The same month, it turns out that a former Cricket Tasmania employee had made a sexual harassment complaint against Paine to the Tasmanian and Australian boards. The complaint pertained to text messages, including a photograph, which Paine and the woman had exchanged before the first Ashes Test in Brisbane in November 2017.
In subsequent correspondence with board officials in June 2018, the woman had said she was offended by “Mr Paine’s sexually explicit, unwelcome and unsolicited photograph of his genitals in addition to the graphic sexual comments.”
Cricket Tasmania stated that the allegations were brought to its attention only when formal charges of theft were laid against the woman following her termination.
The Tasmanian board had conducted an investigation, which “determined that no further action was required or appropriate” because “of the consensual nature of the actions.”
Incidentally, around the same time the Tasmanian board concluded thus, it also sacked another female employee after she had tweeted in favour of abortion policy reform. In her case, it was concluded that the “disparaging tone” of her tweets was “fundamentally inconsistent” with the board’s need to maintain a “positive and productive” relationship with the Tasmanian government.
Also around the same time, national coach Justin Langer was propounding his theory of “elite honesty”, while his partner in the grand project to clean up the Australian dressing room had just been the subject matter of a sexual harassment investigation, which was kept private until made public now by a Melbourne newspaper.
“You can lie to everyone else, but you can’t lie to yourself. So that’s elite honesty to yourself,” Langer had expounded. “And also, the Aussie way I know it is to look a bloke in the eye, look your sister or you mum in the eyes, and tell them the truth and be happy to get some truth back, so that’s elite honesty.”

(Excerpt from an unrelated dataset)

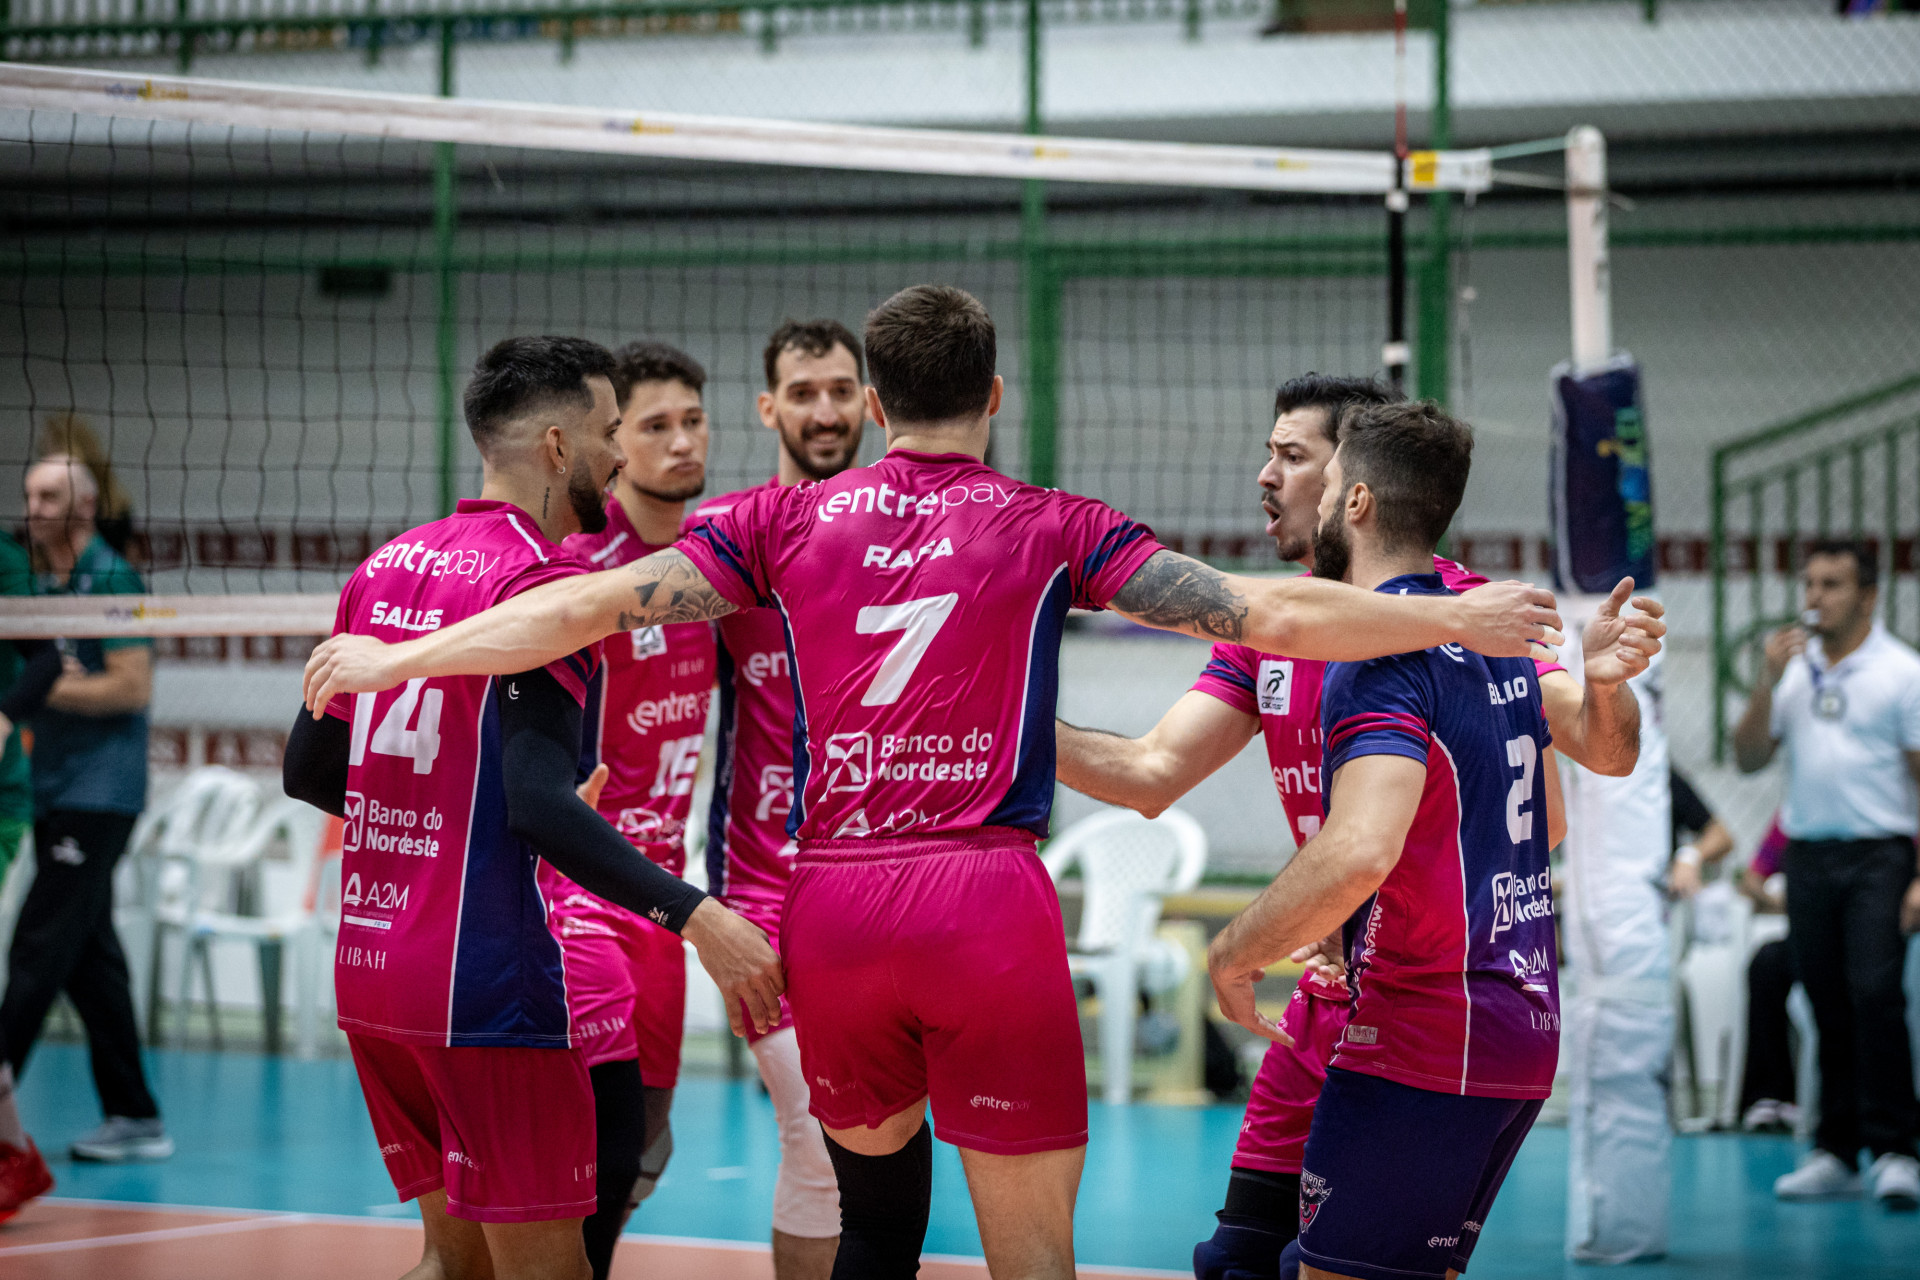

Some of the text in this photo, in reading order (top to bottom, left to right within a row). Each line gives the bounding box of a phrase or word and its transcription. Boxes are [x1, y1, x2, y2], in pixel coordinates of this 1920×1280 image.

While exonerating the Australian captain, Cricket Tasmania had made it clear that it “does not condone this type of behaviour and addressed the matter directly with Tim Paine.” Apart from this one noble line, there were absolutely no repercussions for skipper Paine for more than three years.
A parallel Cricket Australia Integrity Unit investigation had concluded that Paine had committed no breach of the board’s code of conduct. However, even the Australian board made it clear on Friday that it “does not condone this type of language or behaviour.”
There must be some woolly grey universe only CA is comfortable with, in which it can simultaneously not condone a particular conduct while also holding that the same conduct is not a violation of its code.
“While I cannot speak about the original decision-making in 2018, what I can say is that faced with the same circumstances and with the benefit of all the relevant information about this matter, Cricket Australia would not make the same decisions today,” CA chairman Richard Freudenstein said on Saturday. We’re all usually wiser in hindsight, sir, but perhaps this horse has already bolted.
How the entire affair reflects on the famous principle of elite honesty is best addressed by Langer, of course, but there is certainly a bit of elite confusion in how both state and national boards have handled the issue.
So neither board condones Paine’s behaviour, but the matter was kept private all along, and would have remained so forever in all likelihood, unless the media had not made it public. And forget any damaging consequences, there does not seem to have been even a formal reprimand for Paine.
If no need for any action was felt appropriate then, is Paine’s resignation as captain, and its immediate acceptance by CA, appropriate now? According to the man himself, this is the right decision as he did not want an “unwelcome disruption” for his team ahead of the Ashes. But his continuation as player and former captain in the same team may yet turn out to be more disruptive. According to CA, he still remains available for selection for the Ashes.
Paine has stated that his deeds from four years ago do not meet the standard required of an Australia captain. They surely did meet those standards enough to allow him to lead the side from March 2018 to November 2021. So his actions were apparently up to standard while they were private, but the bar would appear to have been raised higher the moment they ceased to be so.
In its media release on Friday, CA stated that Paine has been an “exceptional leader” despite the “mistake” he made. So much so that the pinned tweet on CA’s handle on Saturday still showed him as captain of the 15-man Australian Ashes squad.